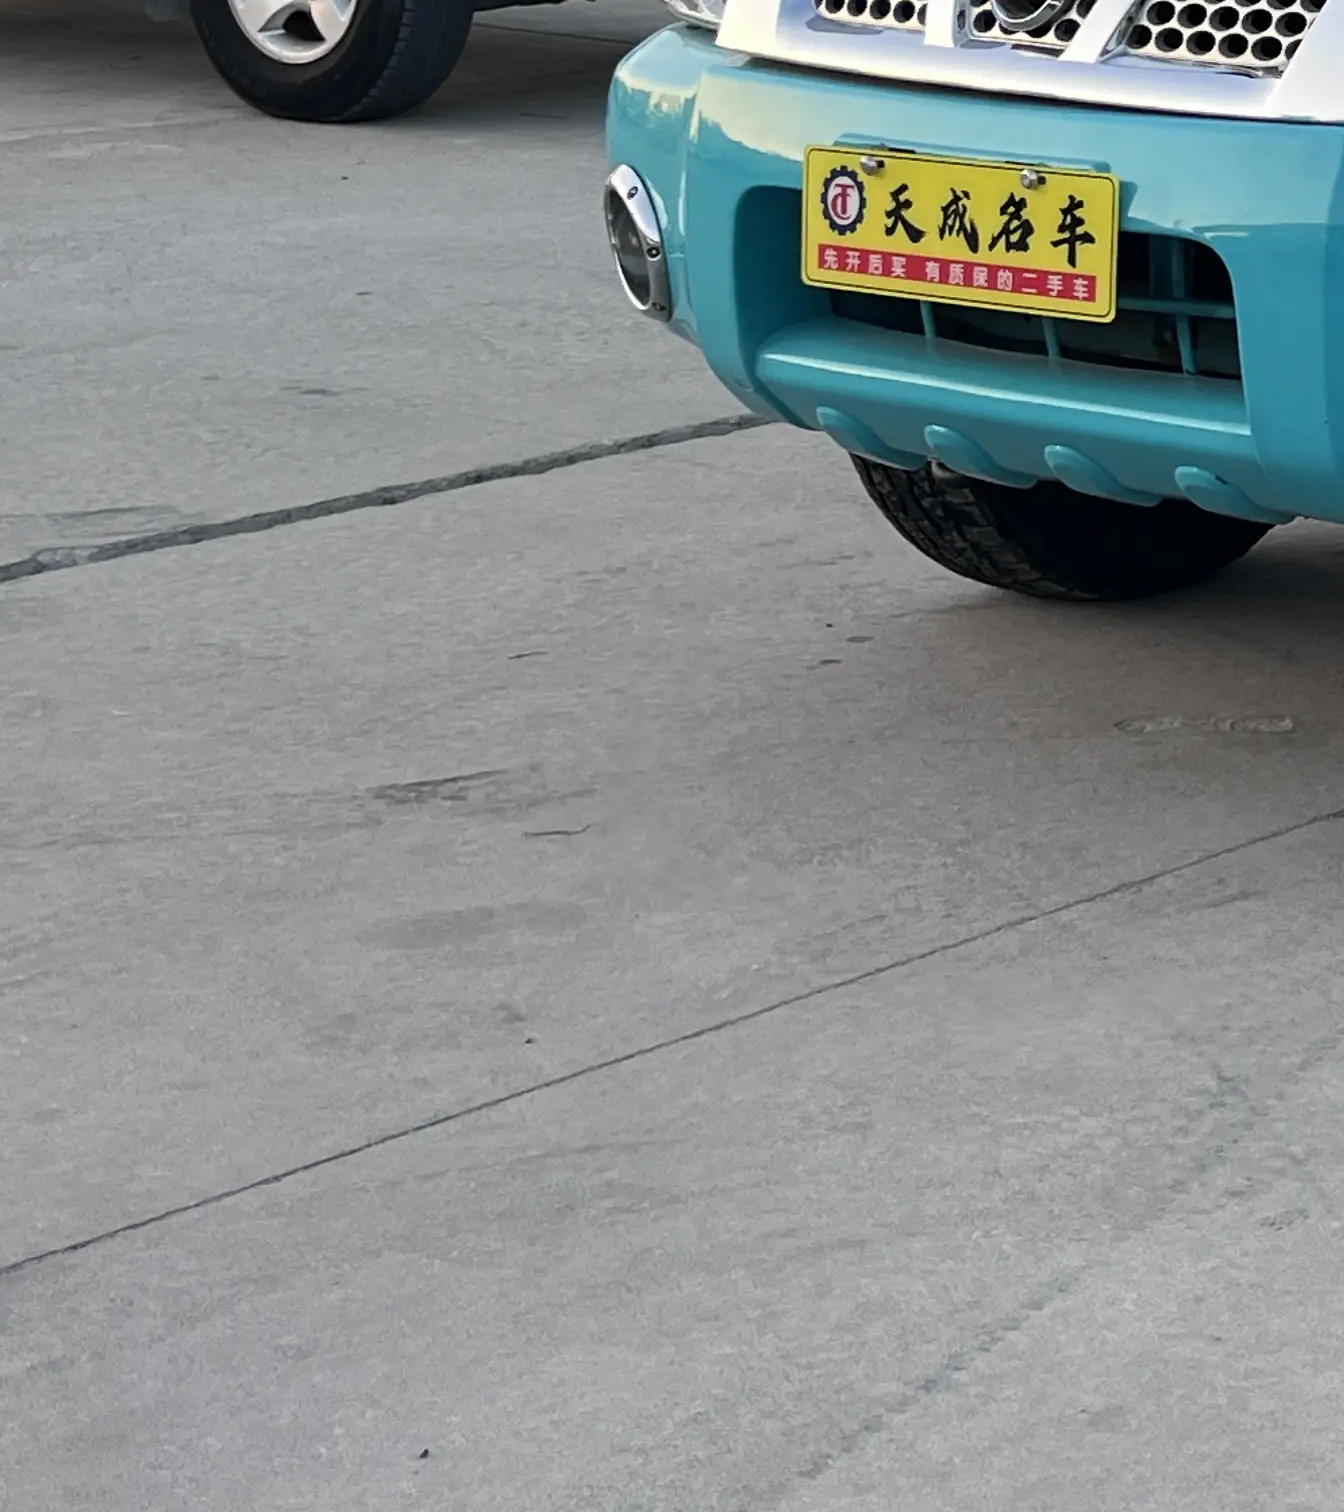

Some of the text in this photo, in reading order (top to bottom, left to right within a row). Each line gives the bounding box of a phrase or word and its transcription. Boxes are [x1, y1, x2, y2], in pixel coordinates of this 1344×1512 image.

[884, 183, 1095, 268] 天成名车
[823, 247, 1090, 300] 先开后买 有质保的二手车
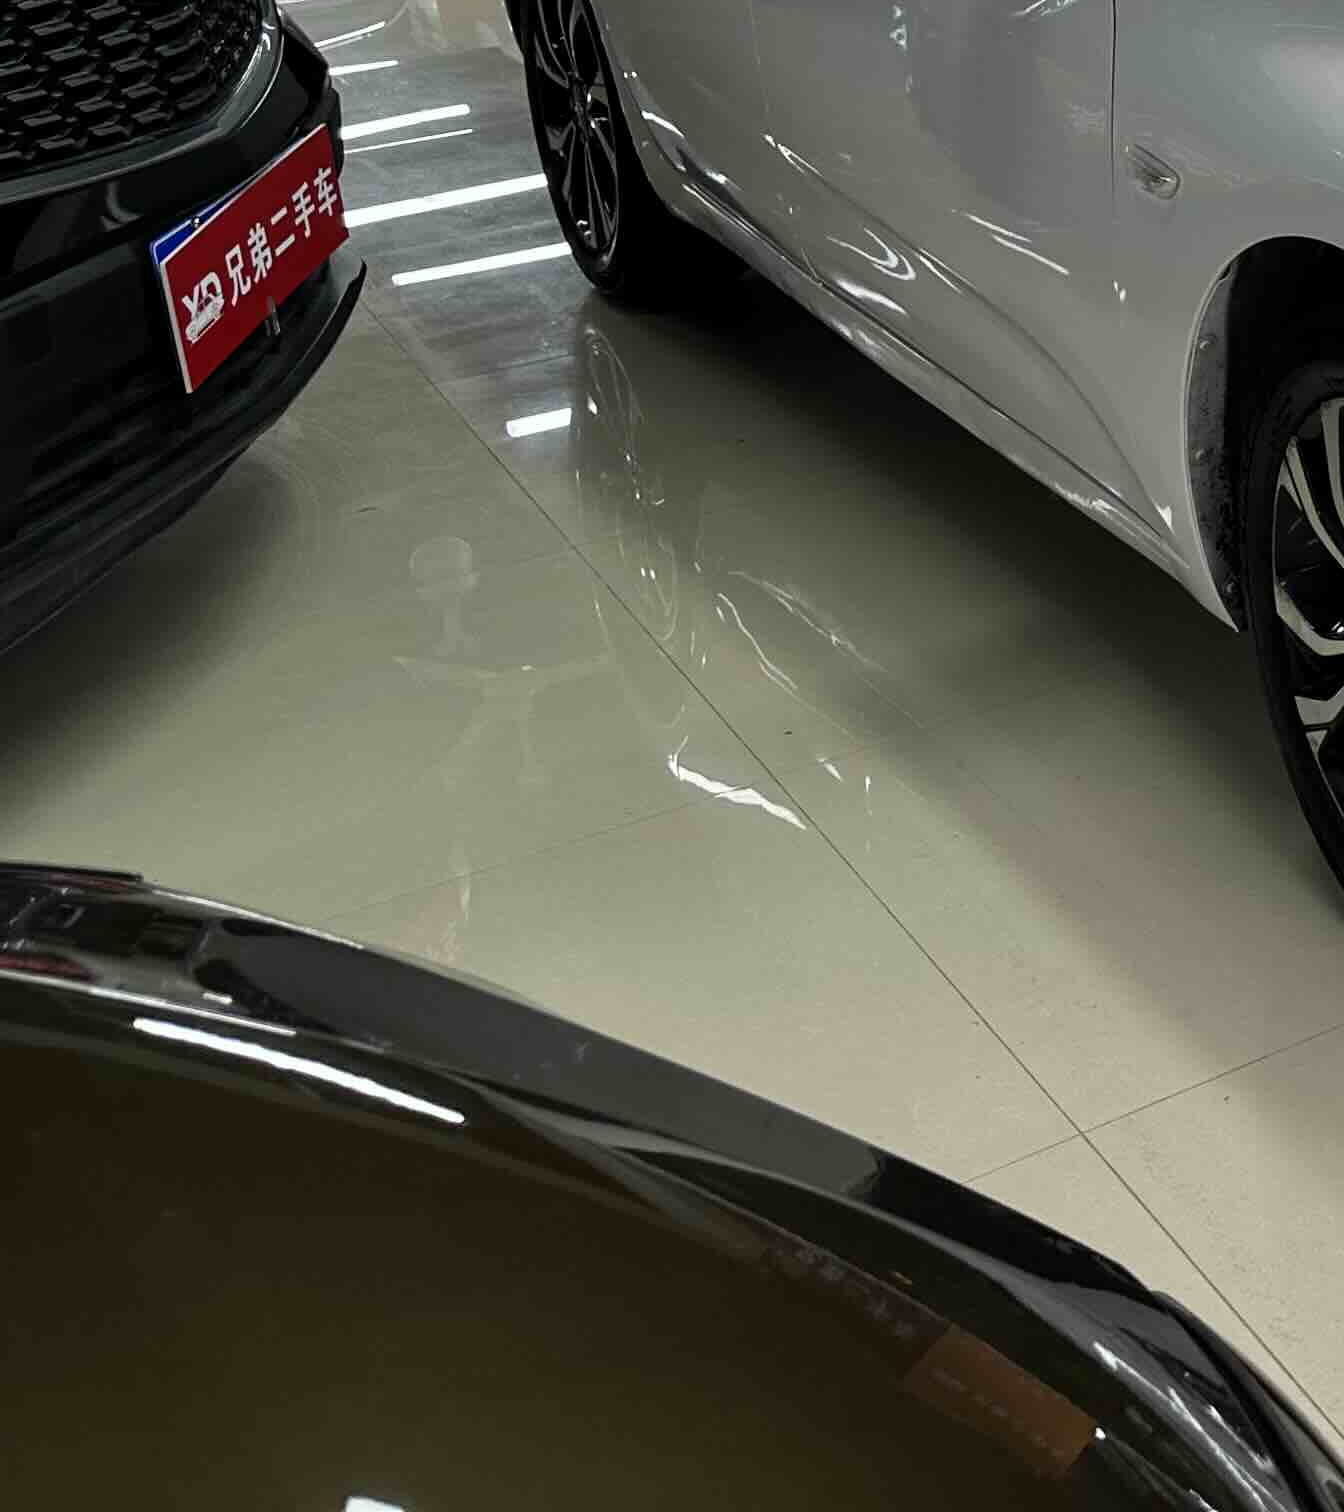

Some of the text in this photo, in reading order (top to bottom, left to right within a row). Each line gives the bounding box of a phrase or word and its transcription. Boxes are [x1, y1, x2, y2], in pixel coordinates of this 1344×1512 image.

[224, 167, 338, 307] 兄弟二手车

**Instructions for the task:** A complete and exact copy of the records is required. Exclude the pictures.

**Response to the task:**
Some of the text in this photo, in reading order (top to bottom, left to right within a row). Each line gives the bounding box of a phrase or word and its transcription. Boxes are [x1, y1, x2, y2], in pixel coordinates of this 1344×1512 image.

[884, 183, 1095, 268] 天成名车
[823, 247, 1090, 300] 先开后买 有质保的二手车

Some of the text in this photo, in reading order (top to bottom, left to right within a row). Each line gives the bounding box of a phrase or word and its transcription. Boxes are [x1, y1, x2, y2], in pixel coordinates of this 1344×1512 image.

[224, 167, 338, 307] 兄弟二手车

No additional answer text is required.